The CPU then performs the following operations on these instructions:
■ The Control Unit fetches the next instruction in sequence from system memory to the pipeline.
■ The control unit decodes each instruction in turn and either executes it itself or passes it to the Arithmetic Logic Unit (ALU) or Floating Point Unit (FPU) for execution.
■ The result of the executed instruction is written back to a register or to system memory.
A register is a temporary storage area available to the
different units within the CPU.
This overview is grossly simplified of course.
Over the years, many different internal architectures have been developed to optimize the process of fetch,
decode, execute, and writeback, while retaining compatibility with the basic x86 instruction set, which defines a CPU as IBM PC compatible.
What are the differences in instruction set between 32-bit and 64-bit processors?
The original version of x86 created in 1978 was designed for 16-bit CPUs.
This means that each instruction is 16-bits “wide.”
The first 32-bit CPU was introduced in 1985 and the x86 instruction set was updated to a 32-bit version, called x86-32 or IA-32 (Intel Architecture).
AMD developed the AMD64/x86-64/x64 instruction set now used by most 64-bit CPUs in 2003.
Intel refers to it as EM64T or Intel 64.
The main advantage of 64-bit is the ability to use more system memory.
32-bit systems are limited to addressing up to 4 GB whereas systems with 64-bit CPUs can address 256 Terabytes (or more).
A 64-bit CPU can run a 64-bit or 32-bit OS.
A 32-bit CPU cannot run 64-bit software.
Most workstations and laptops now use 64-bit CPUs. Some budget models might come with a 32-bit chip, though this is increasingly unusual.
Almost all server computers would use a 64-bit CPU with only very old servers relying on 32-bit.
64-bit also dominates the premium smartphone and tablet sector, though 32-bit is still prevalent on budget and midrange models.

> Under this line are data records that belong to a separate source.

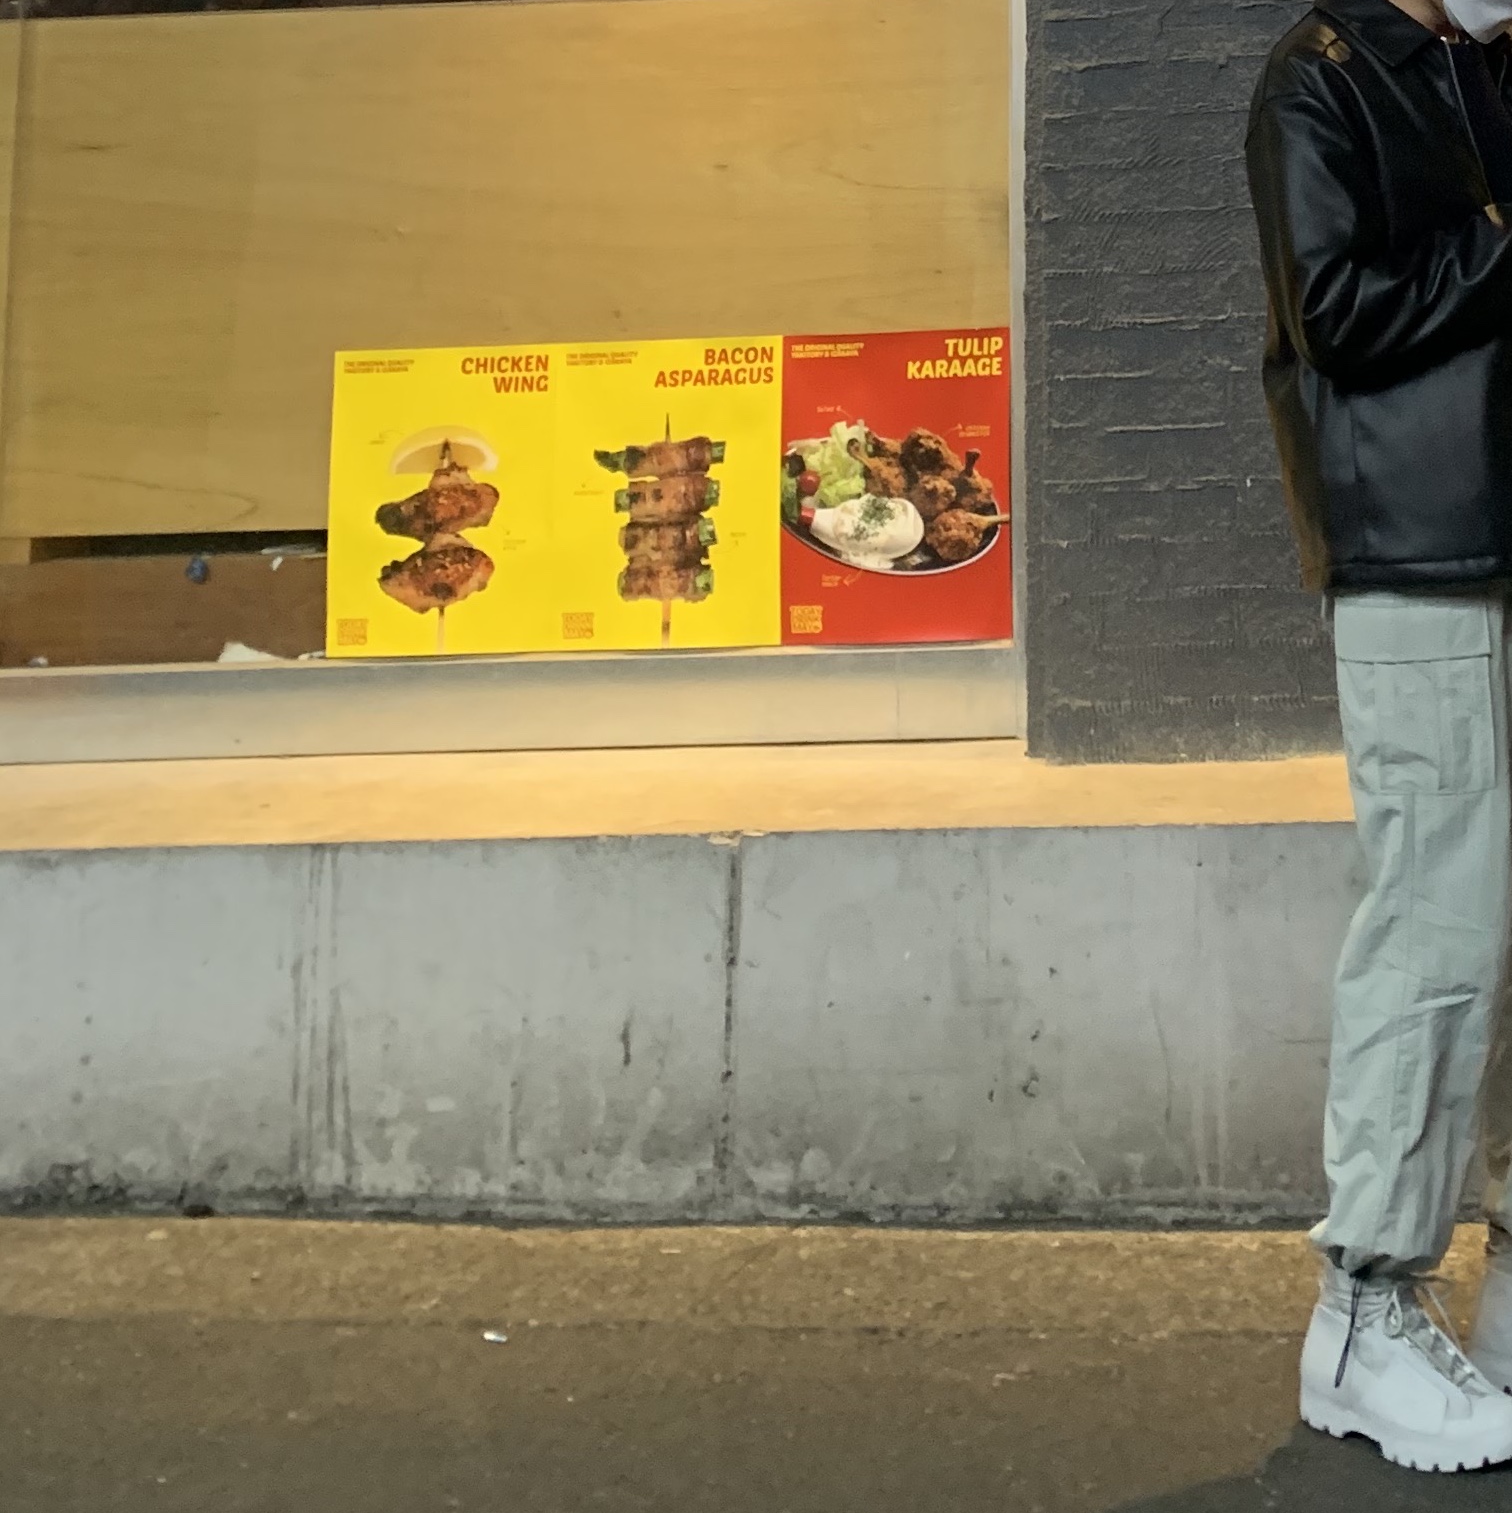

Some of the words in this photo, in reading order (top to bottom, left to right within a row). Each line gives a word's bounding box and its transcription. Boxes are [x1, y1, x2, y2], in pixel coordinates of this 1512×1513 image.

[704, 346, 774, 365] BACON
[945, 336, 1003, 357] TULIP
[461, 354, 549, 375] CHICKEN
[907, 357, 1002, 379] KARAAGE
[493, 375, 549, 393] WING
[654, 366, 774, 388] ASPARAGUS

What is clock and bus speed?
A CPU’s clock speed is the number of instructions it can process in one second.
As a measure of frequency, this value is expressed in Hertz (Hz).
Early processors had clock speeds measured in Megahertz (MHz), or 1,000,000 times faster than 1 Hz. Modern CPUs run at 1 Gigahertz (GHz) or better.

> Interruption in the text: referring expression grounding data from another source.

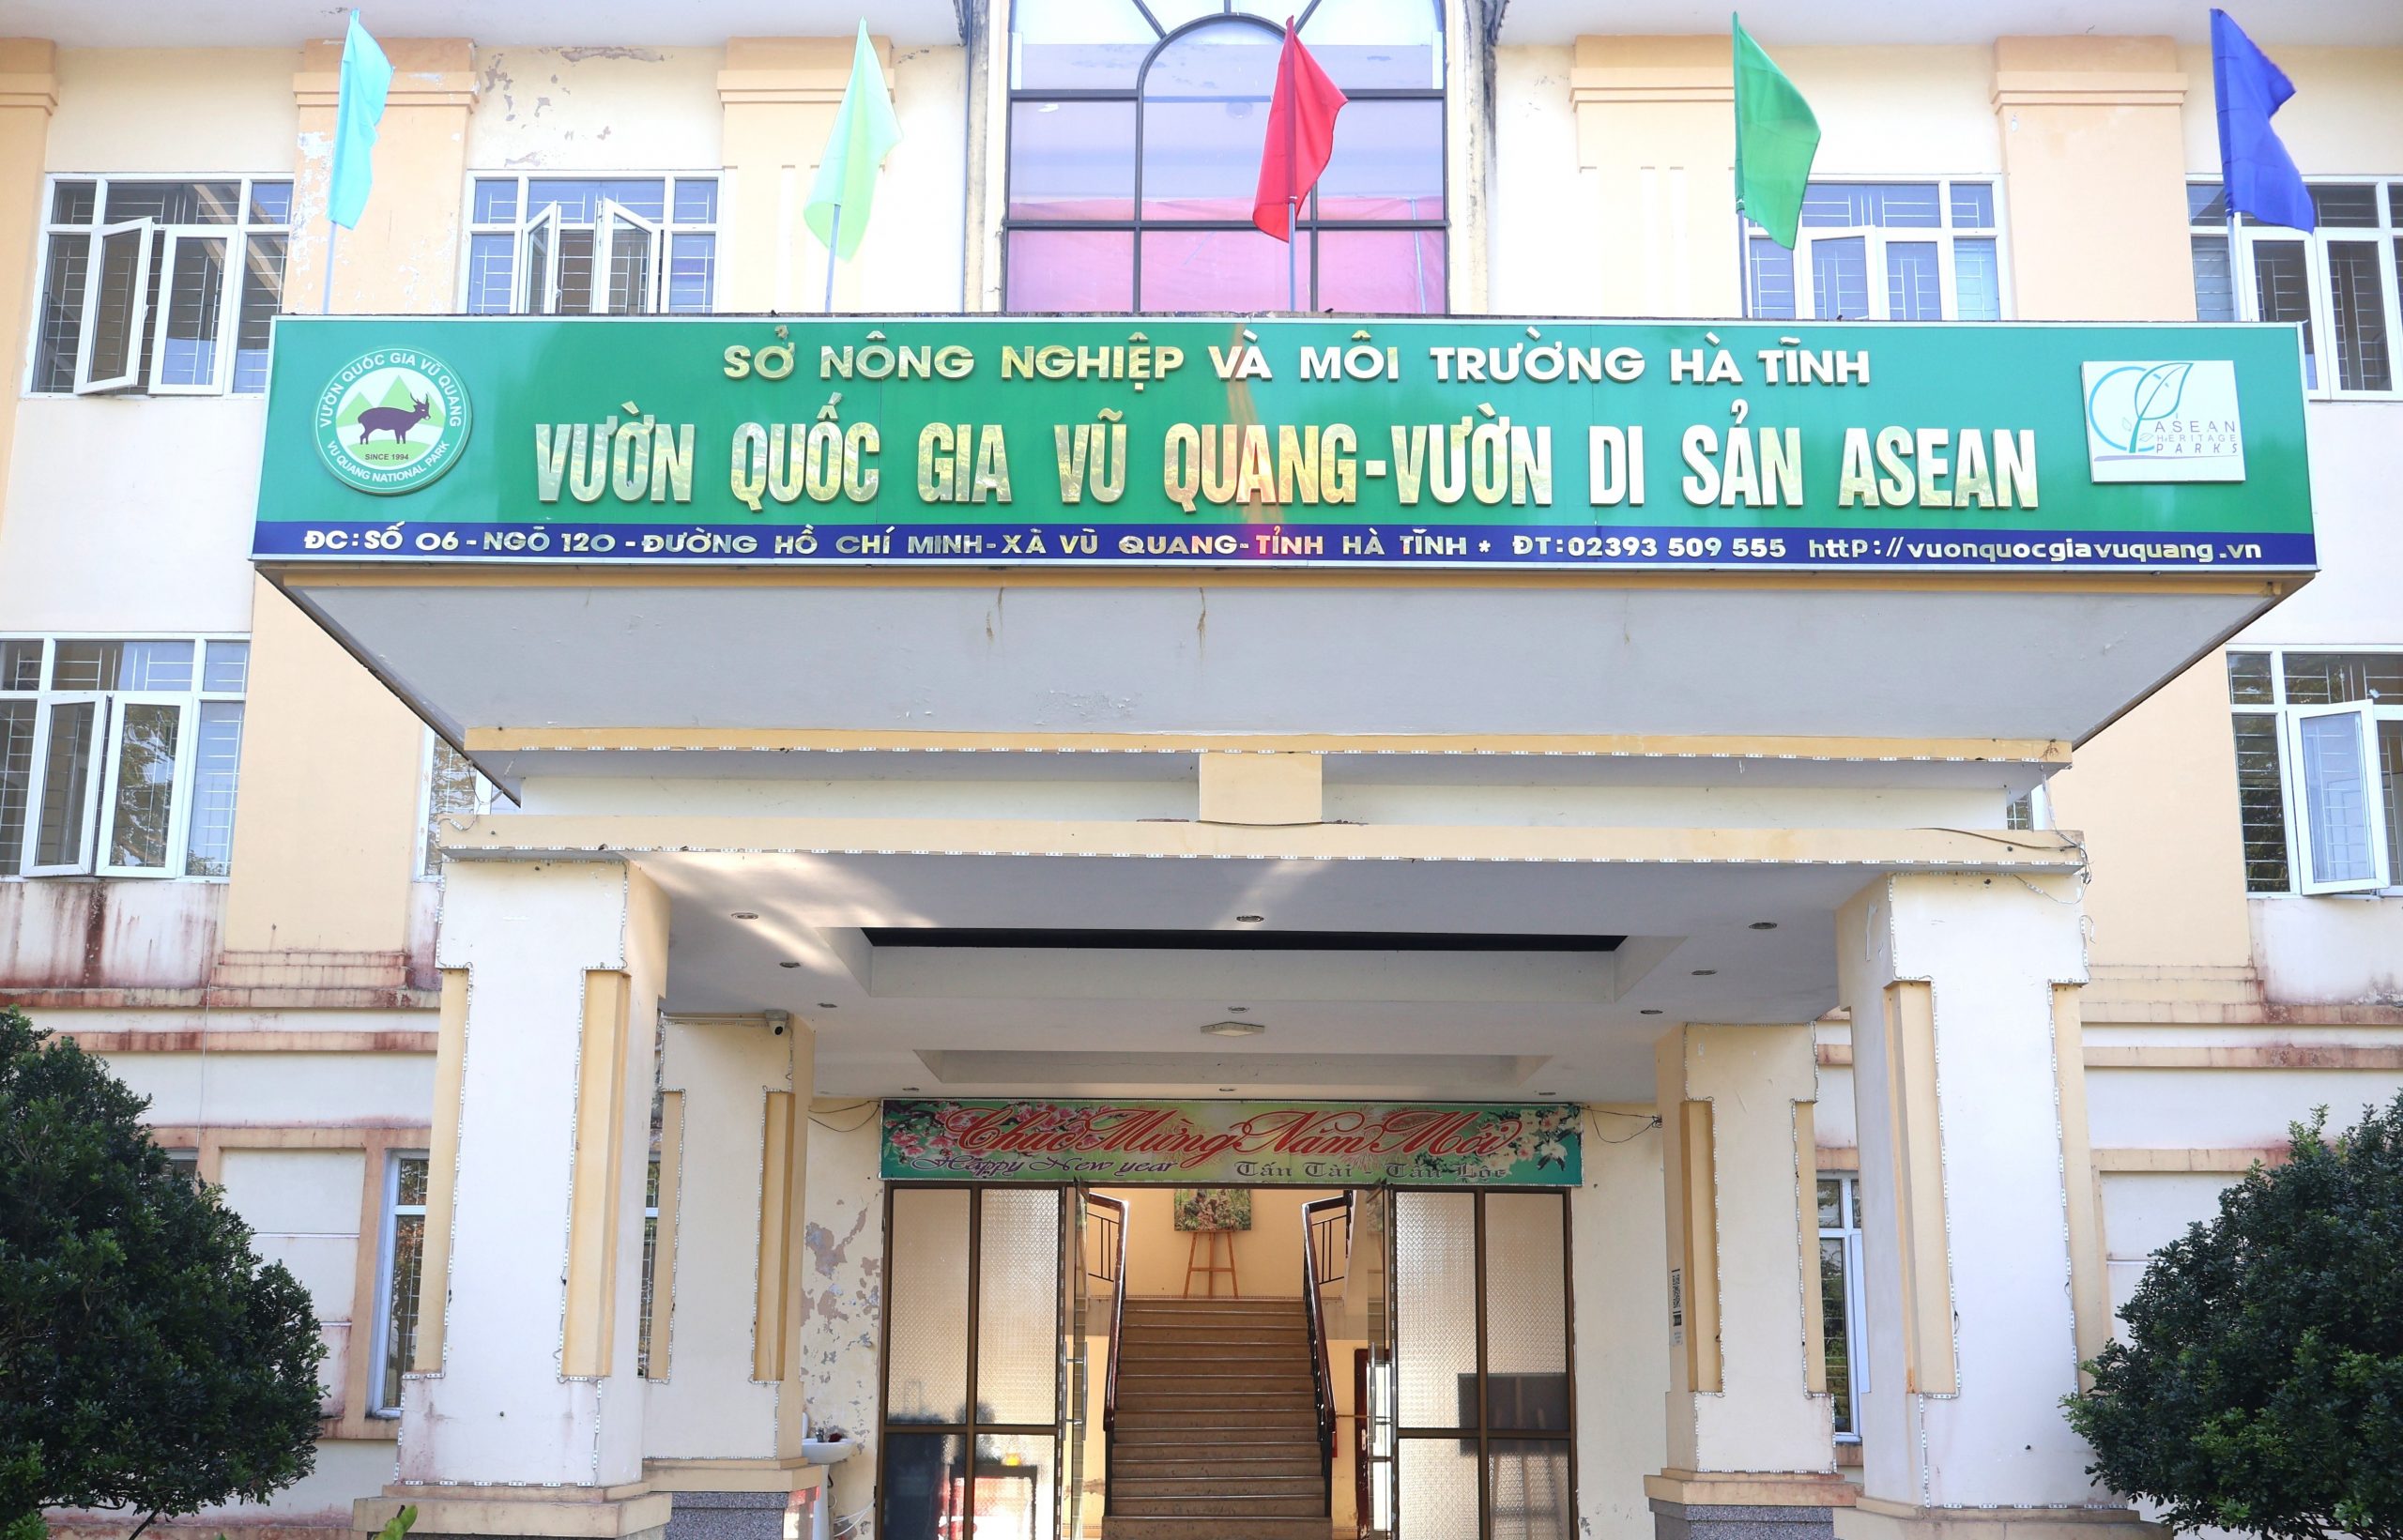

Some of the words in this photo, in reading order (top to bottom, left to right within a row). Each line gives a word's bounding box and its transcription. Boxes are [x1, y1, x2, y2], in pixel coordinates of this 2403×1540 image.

[724, 325, 795, 380] SỞ
[819, 330, 974, 380] NÔNG
[1001, 331, 1185, 392] NGHIỆP
[1208, 328, 1272, 382] VÀ
[1300, 329, 1400, 382] MÔI
[1430, 326, 1645, 384] TRƯỜNG
[1670, 331, 1744, 386] HÀ
[1758, 336, 1871, 387] TĨNH
[319, 382, 344, 428] VƯỜN
[342, 354, 385, 382] QUỐC
[390, 352, 416, 366] GIA
[421, 358, 441, 376] VŨ
[438, 375, 463, 427] QUANG
[2154, 420, 2236, 433] ASEAN
[2156, 434, 2236, 442] HERITAGE
[336, 454, 371, 480] QUANG
[372, 465, 427, 482] NATIONAL
[425, 441, 450, 466] PARK
[534, 401, 694, 504] VƯỜN
[729, 390, 880, 512] QUỐC
[916, 422, 1013, 504] GIA
[1053, 406, 1127, 504] VŨ
[1589, 425, 1645, 507] DI
[1680, 398, 1803, 508] SẢN
[1838, 425, 2040, 509] ASEAN
[2156, 443, 2238, 454] PARKS
[774, 524, 819, 555] HỒ
[835, 526, 895, 555] CHÍ
[1059, 527, 1098, 555] VŨ
[1341, 527, 1385, 556] HÀ
[1668, 538, 1722, 557] 509
[1732, 538, 1787, 558] 555
[911, 1153, 1027, 1178] Happy
[1029, 1155, 1114, 1172] New
[1111, 1161, 1178, 1178] year

1 GHz is 1000 times faster than 1 MHz.
When Intel or AMD release a new CPU, they produce a range of models clocked at different maximum speeds (2 GHz, 2.4 GHz, 2.8 GHz, and 3 GHz for instance).
The speed at which the CPU runs is generally seen as a key indicator of performance.
This is certainly true when comparing CPUs with the same architecture but is not necessarily the case otherwise.
Dual-core CPUs (see below) run slower (up to about 3 GHz) than many earlier single core CPUs (up to about 4 GHz), but deliver better performance.
The core clock speed is the speed at which the CPU runs internal processes and accesses cache (see below).
The Front Side Bus speed is the interface between the CPU and system memory.
The speed of the bus is usually determined by the memory controller, which might be part of the motherboard chipset or part of the CPU.
While older bus speeds are typically measured in MHz, modern bus types and memory interfaces work at GHz speeds.
Also, modern memory designs increase bandwidth by transferring data twice per clock cycle (Double Data Rate) and often by transferring data from two memory modules simultaneously (Dual-channel).
What is multiprocessing and dual-core?
Trying to make the CPU work faster by increasing the clock speed has the drawbacks of using a lot of power and generating a lot of heat.
A different approach to making a computer system faster is to use two or more physical CPUs, referred to as Symmetric Multiprocessing (SMP).
An SMP-aware OS can then make efficient use of the processing resources available to run application processes on whichever CPU is available.
SMP means physically installing two or more CPUs in a multi-socket motherboard.
Obviously, this adds significantly to the cost and so is only implemented on servers and high-end workstations.
However, improvements in CPU manufacturing techniques have led to another solution: dual-core CPUs, or Chip Level Multiprocessing (CMP).
A dual-core CPU is essentially two processors combined on the same die.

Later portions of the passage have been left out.